*** Records for processing

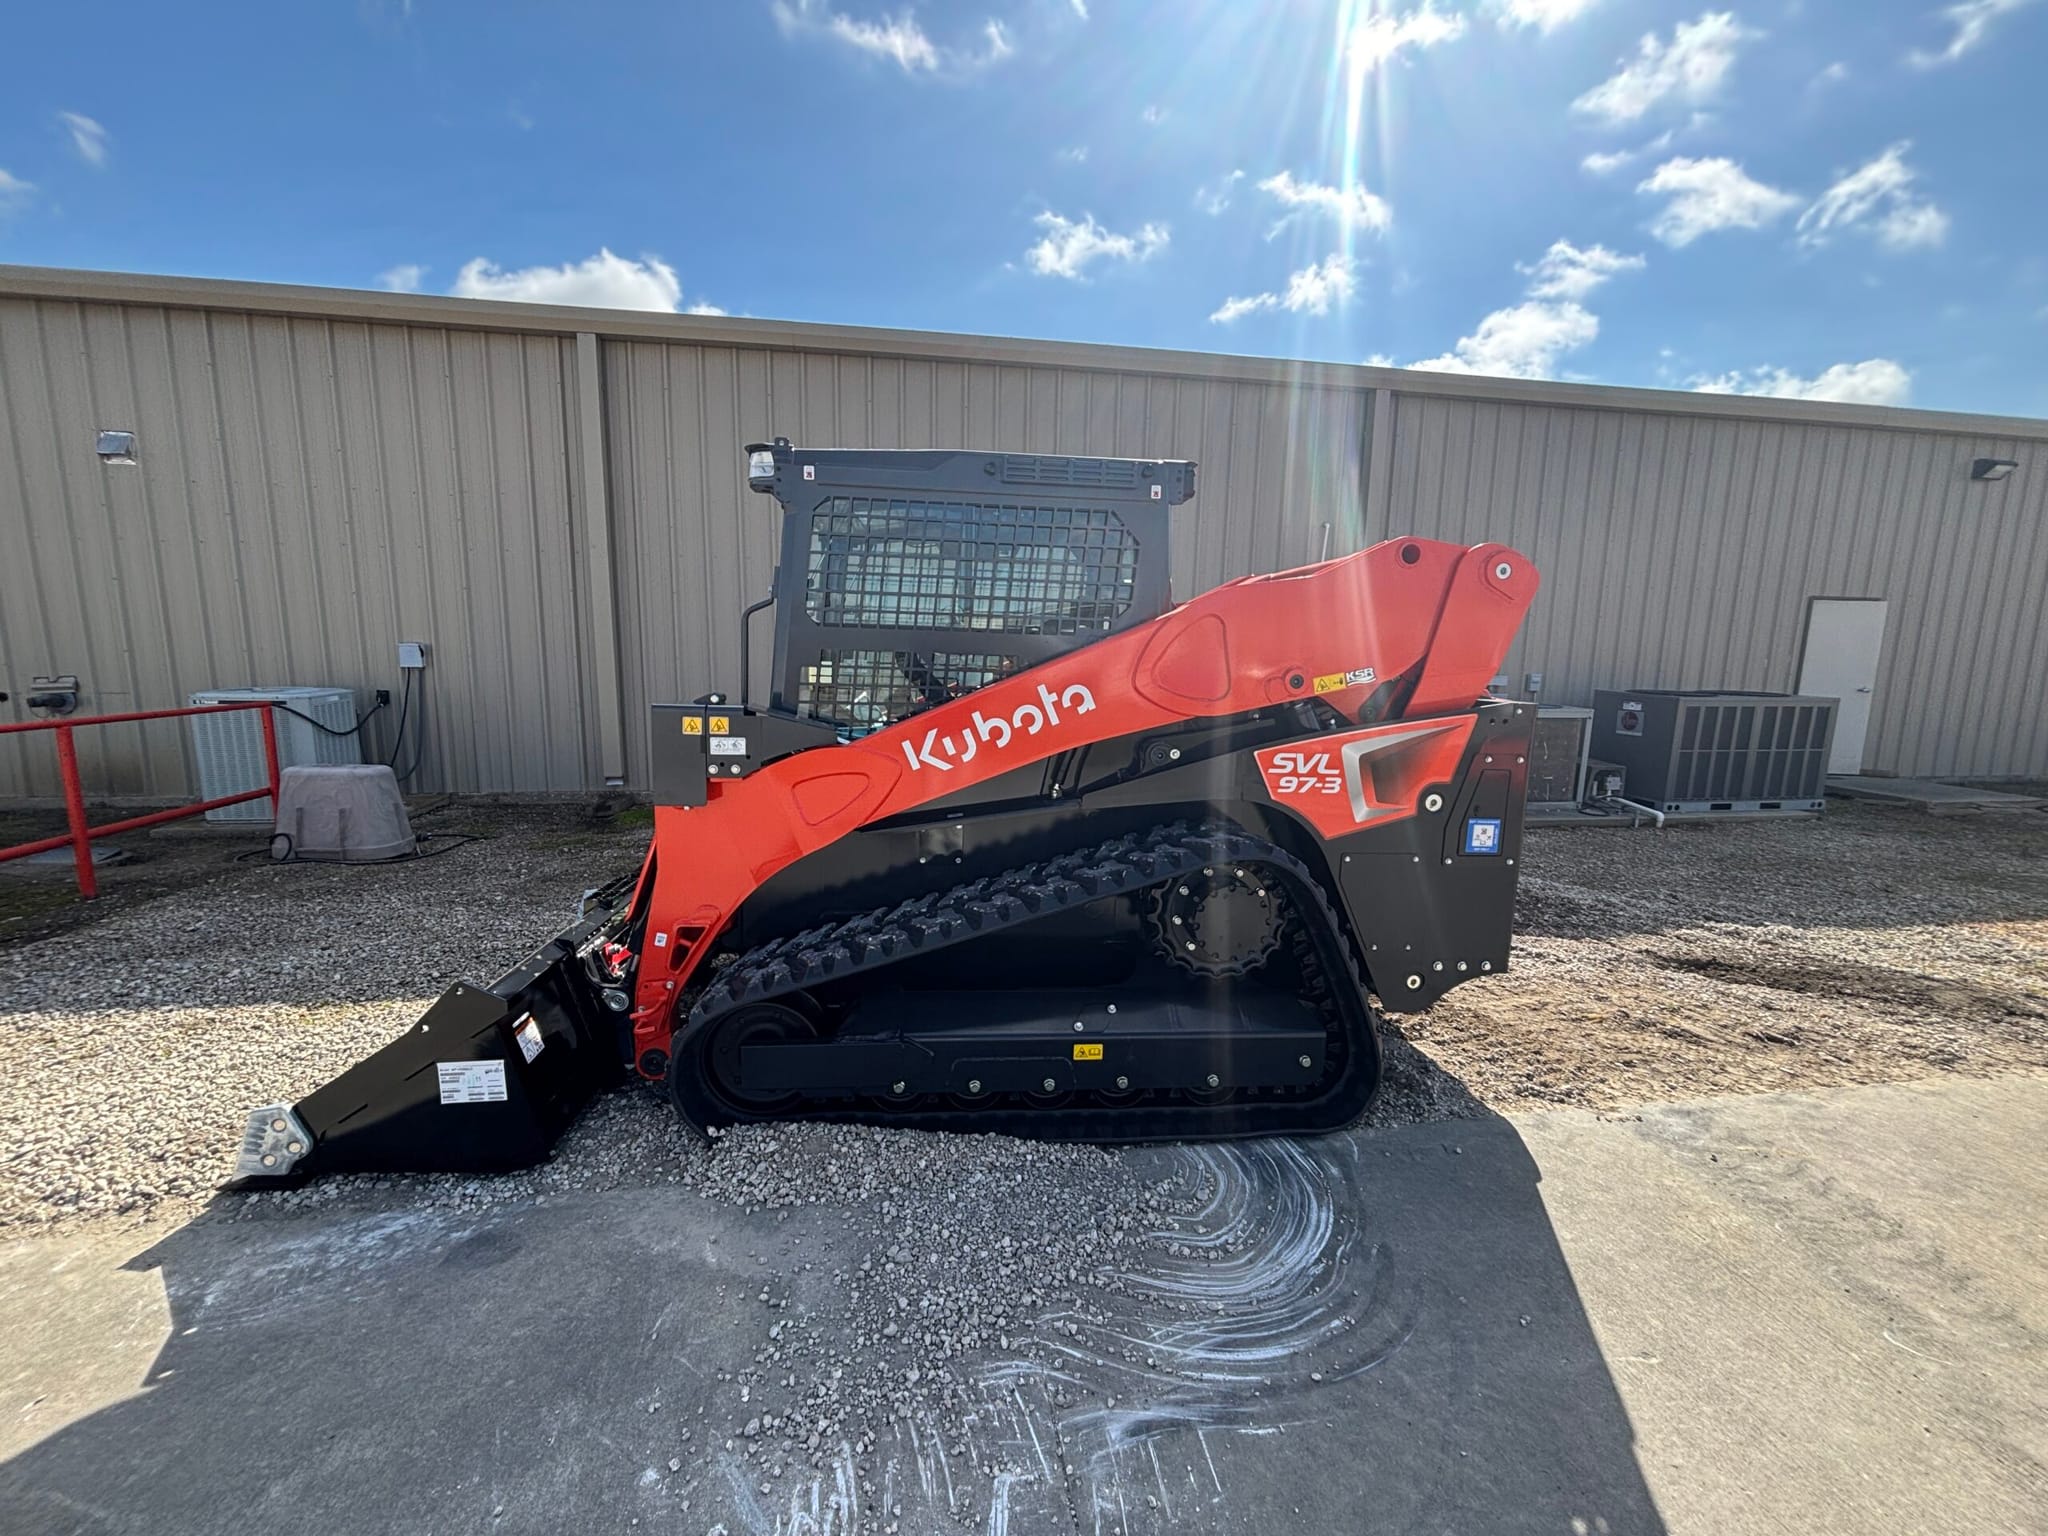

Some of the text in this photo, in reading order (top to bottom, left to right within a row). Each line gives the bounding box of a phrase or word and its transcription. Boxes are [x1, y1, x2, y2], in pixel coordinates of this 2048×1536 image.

[1346, 667, 1375, 683] KSR
[901, 683, 1097, 771] Kubota
[1267, 752, 1340, 775] SVL
[1277, 776, 1342, 794] 97-3

******

Output everything in the records exactly, leaving pictures out.

Some of the text in this photo, in reading order (top to bottom, left to right within a row). Each line gives the bounding box of a phrase or word and its transcription. Boxes are [x1, y1, x2, y2], in pixel coordinates of this 2048×1536 image.

[1346, 667, 1375, 683] KSR
[901, 683, 1097, 771] Kubota
[1267, 752, 1340, 775] SVL
[1277, 776, 1342, 794] 97-3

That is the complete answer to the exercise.